The Festival of Dangerous Ideas - Rich Mix, London - Saturday 17 March 2012


'The old ideas are bust. Now is the time for the new, the marginalised, the road less travelled... dangerous ideas for dangerous times.

Join key activists, commentators and cultural figures reflecting on a world in disarray and turmoil.

Bringing the spirit of revolution to London are Egyptian MP Nasr-Eddin al-Zoghbi and activist Marwa Farouk of the Socialist Renewal Current, an activist group in Cairo. They will be joined by John Rees, co-author of The People Demand, to discuss how to finish a revolution, and activists from Greece describing what it means to be at the frontline of Europe's austerity project.

BBC Economics editor Paul Mason and author (and recent Question Time panellist) Owen Jones join subversive authors and  activists Nina Power and Sanum Ghafoor to discuss the radical ideas needed to confront the bleak landscape of austerity Britain. Paul Mason also joins Sanum Ghafoor and Lindsey German to discuss why it's kicking off everywhere.

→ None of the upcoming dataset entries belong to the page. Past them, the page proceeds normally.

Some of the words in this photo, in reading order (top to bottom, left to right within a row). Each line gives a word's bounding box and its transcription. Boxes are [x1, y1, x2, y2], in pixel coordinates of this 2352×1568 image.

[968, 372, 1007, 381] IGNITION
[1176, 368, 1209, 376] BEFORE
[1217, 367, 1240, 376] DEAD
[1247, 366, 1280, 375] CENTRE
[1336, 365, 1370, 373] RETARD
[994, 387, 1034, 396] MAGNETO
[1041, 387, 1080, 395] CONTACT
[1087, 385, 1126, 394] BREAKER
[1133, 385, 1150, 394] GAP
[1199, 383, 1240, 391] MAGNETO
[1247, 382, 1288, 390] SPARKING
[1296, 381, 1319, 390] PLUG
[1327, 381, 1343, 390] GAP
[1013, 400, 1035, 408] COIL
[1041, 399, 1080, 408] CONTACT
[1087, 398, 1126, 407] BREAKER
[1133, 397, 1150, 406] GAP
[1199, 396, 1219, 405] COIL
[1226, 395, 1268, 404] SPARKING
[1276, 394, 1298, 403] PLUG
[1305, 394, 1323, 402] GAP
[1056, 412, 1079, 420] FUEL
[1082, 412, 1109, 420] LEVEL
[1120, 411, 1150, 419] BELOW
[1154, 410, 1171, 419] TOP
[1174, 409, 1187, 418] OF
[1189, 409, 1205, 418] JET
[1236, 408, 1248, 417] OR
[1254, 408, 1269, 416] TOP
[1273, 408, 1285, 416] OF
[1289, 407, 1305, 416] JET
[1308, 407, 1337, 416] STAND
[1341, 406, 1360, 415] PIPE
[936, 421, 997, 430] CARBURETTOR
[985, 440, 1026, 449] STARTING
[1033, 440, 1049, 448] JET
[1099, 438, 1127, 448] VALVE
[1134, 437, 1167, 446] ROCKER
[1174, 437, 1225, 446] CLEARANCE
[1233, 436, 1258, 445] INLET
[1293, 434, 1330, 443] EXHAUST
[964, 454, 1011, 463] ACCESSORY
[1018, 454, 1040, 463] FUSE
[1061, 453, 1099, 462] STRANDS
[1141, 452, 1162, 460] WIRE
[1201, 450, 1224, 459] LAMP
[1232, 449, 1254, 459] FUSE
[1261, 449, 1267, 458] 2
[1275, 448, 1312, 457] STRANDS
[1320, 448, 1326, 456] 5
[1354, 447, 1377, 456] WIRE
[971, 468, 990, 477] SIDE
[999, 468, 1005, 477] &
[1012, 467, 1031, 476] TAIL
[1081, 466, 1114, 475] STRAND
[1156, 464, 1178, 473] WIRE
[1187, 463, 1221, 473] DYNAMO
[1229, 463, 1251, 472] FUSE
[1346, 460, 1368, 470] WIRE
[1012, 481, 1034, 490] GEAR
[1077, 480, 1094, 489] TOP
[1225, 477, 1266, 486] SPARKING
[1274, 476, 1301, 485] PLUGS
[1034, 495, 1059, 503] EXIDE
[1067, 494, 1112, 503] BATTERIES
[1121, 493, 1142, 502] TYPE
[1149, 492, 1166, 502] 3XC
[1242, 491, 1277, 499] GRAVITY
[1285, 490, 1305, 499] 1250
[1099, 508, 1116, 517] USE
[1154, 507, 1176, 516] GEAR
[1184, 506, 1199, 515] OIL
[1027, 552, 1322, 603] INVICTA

Lunchtime comedy with Josie Long

Situationist adbuster Rob Montgomery, graffiti politician Stik and Palestinian poet Rafeef Ziadah will speak and perform. TV archaeologist Neil Faulkner will be presenting a brief history of the world. Sam Duckworth of Get Cape. Wear Cape. Fly. runs a workshop on the perils of political songwriting. He will perform after Tony Benn and Roy Bailey do their sell out Writing on the Wall show and Mark McGowan brings us the latest thoughts of the Artist Taxi Driver.

There will also be live performances from Pandit G of Asian Dub Foundation and Sam Duckworth of Get Cape. Wear Cape. Fly. The Rich Mix bar and club will be serving until 1am.
Video blogger Sanum Ghafoor

Festival organiser Clare Solomon describes the day as a "fun-packed and informative day using music, multimedia and a variety of interesting formats including a 'tweet-out', Augusto Boal's Theatre of the Oppressed, lunchtime comedy from Josie Long, a guerrilla film workshop, an exclusive 'free shop', live graffiti walls and much more."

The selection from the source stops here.